It is now well accepted that certain oxysterols, including 27-OH, modulate not only the pro-apoptotic and pro-inflammatory response but also cell survival pathways in various cell types [12], [13]. In particular, they trigger signaling transduction pathways either pro-apoptotic or anti-apoptotic, depending on cell types, oxysterol concentration and exposure time [14], [15]. Moreover, this dual effect exerted by oxysterols appeared to be modulated via a mechanism involving reactive oxygen species (ROS) [16], [17], [18]. Very recently, our group provided a clear evidence of modulation of survival signaling with a low micromolar concentration (10 µM) of 27-OH in U937 human promonocytic cells through extracellular signal-regulated kinase (ERK) and the phosphoinositide 3-kinase (PI3K)/Akt pathways [19]. Moreover, the marked up-regulation of the ERK/Akt axis was, in turn, able to quench the oxidative imbalance exerted by the oxysterol itself through the induction of nuclear factor erythroid 2 p45-related factor 2 (Nrf2) antioxidant defense system.[20]. Namely, a significant induction of Nrf2 and synthesis of Nrf2 target enzymes, including heme oxygenase-1 (HO-1) and NAD(P)H:quinone oxireductase, appeared to be dependent on the activation of ERK and Akt pathways and fundamentally responsible for the observed oxysterol-induced pro-survival response, at low concentration (10 µM), in promonocytic cells. However, relatively high concentration of 27-OH (100 µM) did not exert any survival effect in U937 cells while a constant pro-oxidant effect induced by the oxysterol was demonstrated.
Macroautophagy (generally referred to as autophagy) breaks down protein aggregates and damaged organelles in order to maintenance cellular recycling during stress conditions. Autophagy is a multi-step physiological process that starts with sequestration of the cell material to be eliminated within double-membrane vesicles, known as autophagosomes; then, these autophagosomes fuse with lysosomes for subsequent degradation [21]. It is generally accepted that even if autophagy serves as a cell survival mechanism, under certain stress conditions its excessive enhancement may lead to cell death [22]. Accumulating data point to a critical role for autophagy at intersection of life and death of cancer cells, while a cross-talk exists between autophagy and classical apoptosis. It is now well established that autophagy appears regulated by ROS [23]. Hence, the redox regulation of autophagy has been observed in various pathological conditions but how autophagy induction affects these processes remains incompletely understood. Recent studies have highlighted the important role of oxidized lipids, including 4-hydroxy-trans-2-nonenal (HNE) and oxysterols, in the regulation of autophagy in atherosclerosis. Additional work is needed to elucidate the up-stream signal transduction pathways responsible for the effects of oxysterols on autophagy modulation [24], [25].

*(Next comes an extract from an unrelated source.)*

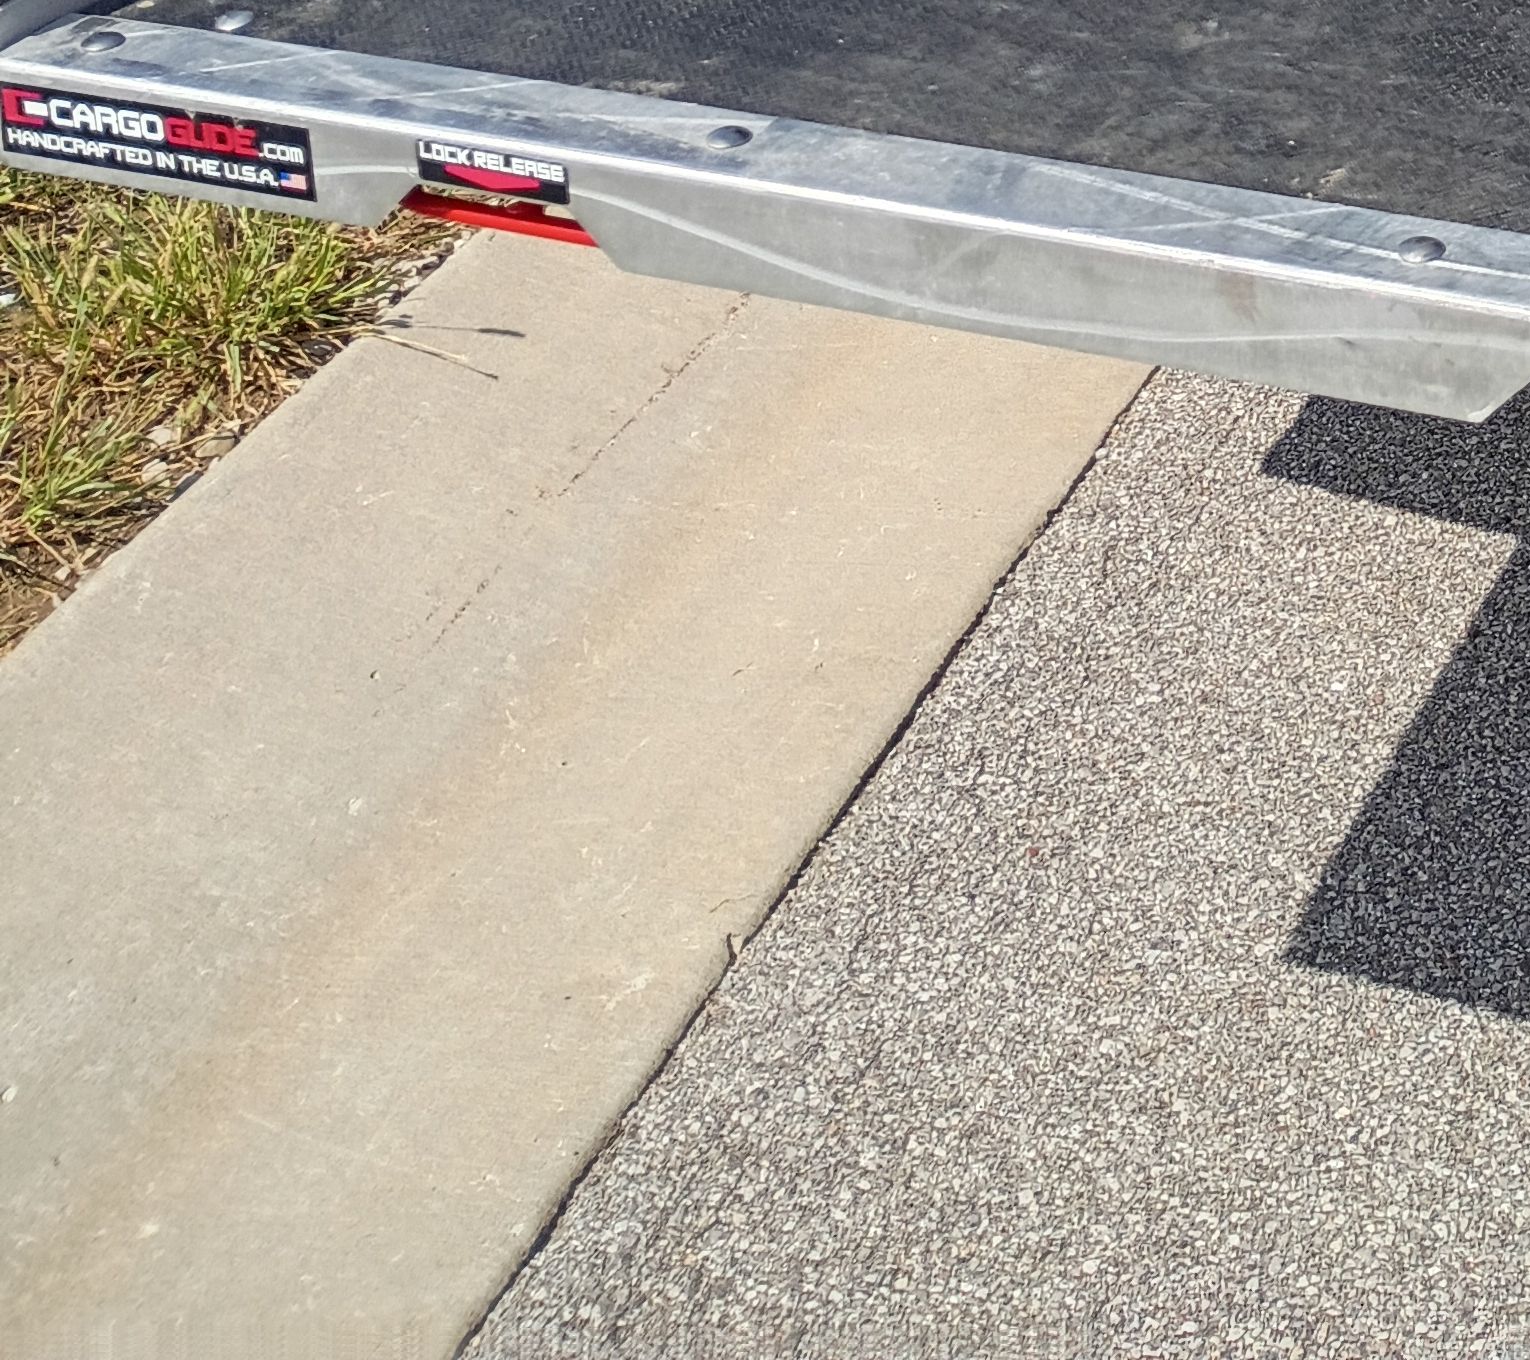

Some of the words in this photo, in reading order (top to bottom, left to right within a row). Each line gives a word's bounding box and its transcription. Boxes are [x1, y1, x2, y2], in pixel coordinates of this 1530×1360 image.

The Kelch-like ECH-associated protein 1 (Keap1)-Nrf2 signaling pathway functions as one of the key regulator of the cellular defense system against oxidative stress [26]. Nrf2 is a redox-sensitive transcription factor, that is sequestered in the cytoplam by binding to Keap1; however, under oxidative stress, Nrf2 dissociates from Keap1 and translocates into the nucleus where it binds to antioxidant response element (ARE) sequences, codifying for antioxidant enzymes [27], [28]. A growing body of evidence has demonstrated the interplay between the Keap1/Nrf2 system and selective autophagy mainly relied on the p62/SQSTM1 protein (hereafter referred to as p62), which is an autophagy substrate and also a receptor for degradation of ubiquitinated protein aggregates, in turn associating with both LC3 and ubiquitin [29], [30]. Evidence suggests that p62 interacts with the Nrf2-binding site of Keap1 and competes with Nrf2 for the interaction with Keap1 which results in transcriptional activation of Nrf2 and its target gene expression [30], [31]. Moreover, Nrf2 regulates p62 expression by binding directly to ARE binding motif of the p62 promoter, suggesting a positive feedback loop between these two proteins [32].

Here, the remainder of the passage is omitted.